You know that feeling that comes over the semester break, when you want to go somewhere, but can't think of anywhere to go because it is either a) you think that you always go back to the same places or b) you don't have any plan in your mind and your financial situation always pushes you to the wall. And being me, the one who always returns home whenever there is a chance. Well, whenever that happens, remember that there is always somewhere new and near to discover!

SubhanAllah. :)

That evening, just like any other days, I had nothing in mind. Not even a plan to go out. But, it so happened that I'd just had my car serviced and I could feel the urge to go out squirmed all over me. Given that my roommate is here at my hometown, so I decided to bring him to the place I'd been bragging about to him incessantly for the past 3 days he has been here.

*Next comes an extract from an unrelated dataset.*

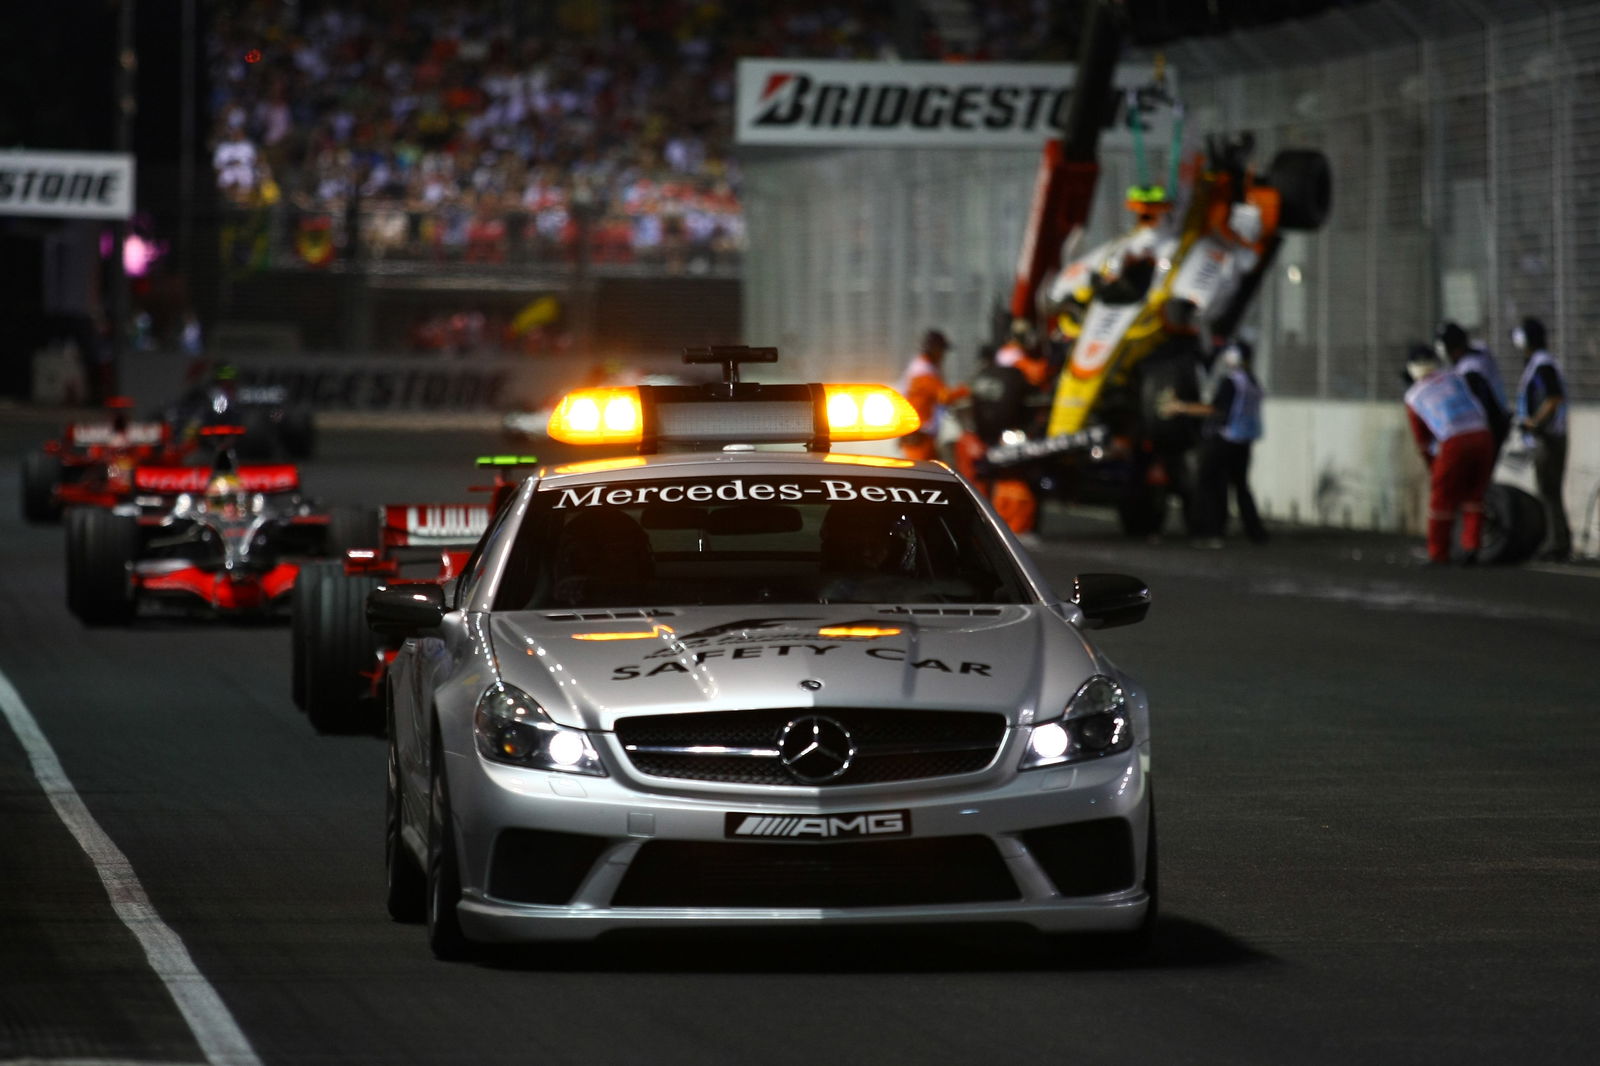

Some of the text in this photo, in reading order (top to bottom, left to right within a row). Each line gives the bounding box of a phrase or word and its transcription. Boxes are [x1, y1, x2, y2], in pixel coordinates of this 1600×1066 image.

[757, 73, 1157, 131] BRIDGESTOE
[552, 479, 949, 510] Mercedes-Benz
[611, 643, 992, 681] SAFETY CAR

His jaw dropped in awe and so was mine, immediately we were there. We walked to the tip while watching the sunset stretched across the horizon as far as the eyes could see and formed an array of reflection on the water around the coast. How cool it was! Watching the sun shied away was one thing, and having ourselves been shoved by the wind was another thing. Nothing beat this feeling after a hell of a week. A blessing, indeed. Definitely worth a visit next time since it's free, what more you can ask! 

:D 

Tuesday 11 March 2014

Am I weird?

Because being normal is plain boring

Am I weird?

Weird in the sense that my knowledge on certain discourse that guys are well known of is below the average guy would have, like anything about cars and football. Let's just say it's near zero. To have more friends of opposite gender than my own gender and feel more comfortable with them. And boy, they even know whom I am having a major crush on. Just a crush.  

To prefer talking about places I would love to travel than anything related to footballs and stuffs because I just love the breath of fresh air at a new place. To rather bury my nose in books, one after another than going outside in the field playing sports - having my skin kissed by the sun. But that doesn't mean I'm not an outdoorsy type of person for I love walking on beach watching the sunset and letting the wave hit my feet, and strolling in a park watching people pass by and lush trees and colourful flower bring tranquility to the heart, eyes, and mind.

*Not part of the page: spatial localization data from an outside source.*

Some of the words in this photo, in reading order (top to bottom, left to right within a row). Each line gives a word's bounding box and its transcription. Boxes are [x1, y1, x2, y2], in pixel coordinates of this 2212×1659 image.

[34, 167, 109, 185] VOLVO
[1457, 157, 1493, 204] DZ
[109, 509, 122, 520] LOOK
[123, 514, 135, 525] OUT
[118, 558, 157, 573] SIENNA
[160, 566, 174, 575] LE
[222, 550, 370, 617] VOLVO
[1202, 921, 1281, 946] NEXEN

I might be the strangest kid around the block, yet it is because I am embracing who I am - the nature that Allah has made me and accepting myself for I have all the freedom in this world to do whatever that suits my interest so long as it aligns with the religion I believe in. So guys or gals, don't be afraid to wear who you are and to be weird just the way you are because no one else can love ourselves the most, but we are. 

Aren't we always looking for something different? :)

*chill 

Sunday 9 March 2014

No eternal spring

Life does not spring eternally when the flower are blossoming to the full colourful bloom. Sometimes it dries up and wilts during summer days. Sometimes it drops its petal and leaves during autumn. And sometimes it is covered by snow during winter. But then again, it never fails to find light and blossom again during spring.

The key is to persevere and I must be persistent.

Life is an adventure with constant struggle worth investing. And my current struggle is burning out my head throughout meeting the deadlines of a mountain of works. But sad enough, the more I spend time on it, the less idea I could glean and cudgel from the brain of mine. Not that I'm totally burnt out, but I just run out of ideas. Or I have yet to feel the heat and get freshened up from the brand new semester. 

What has gone wrong? I have tried my very best to kick away the lethargy that mutates inside. Certainly I must do better than just trying. The thing about me struggling with my studies somewhat deciphers my hiatus from this site, for I realize, little did I write stuffs like I used to do, which is good to allow more time for me to do self-reflection. Even if I do, it would some snatches on either facebook or twitter. 

The pressure is intense, yet a little less as compared to my friends who struggle with their final year thesis. I must keep holding on and fighting. Come hell or high water, I shall survive. *Fighting

don't you just love cherry blossom during spring?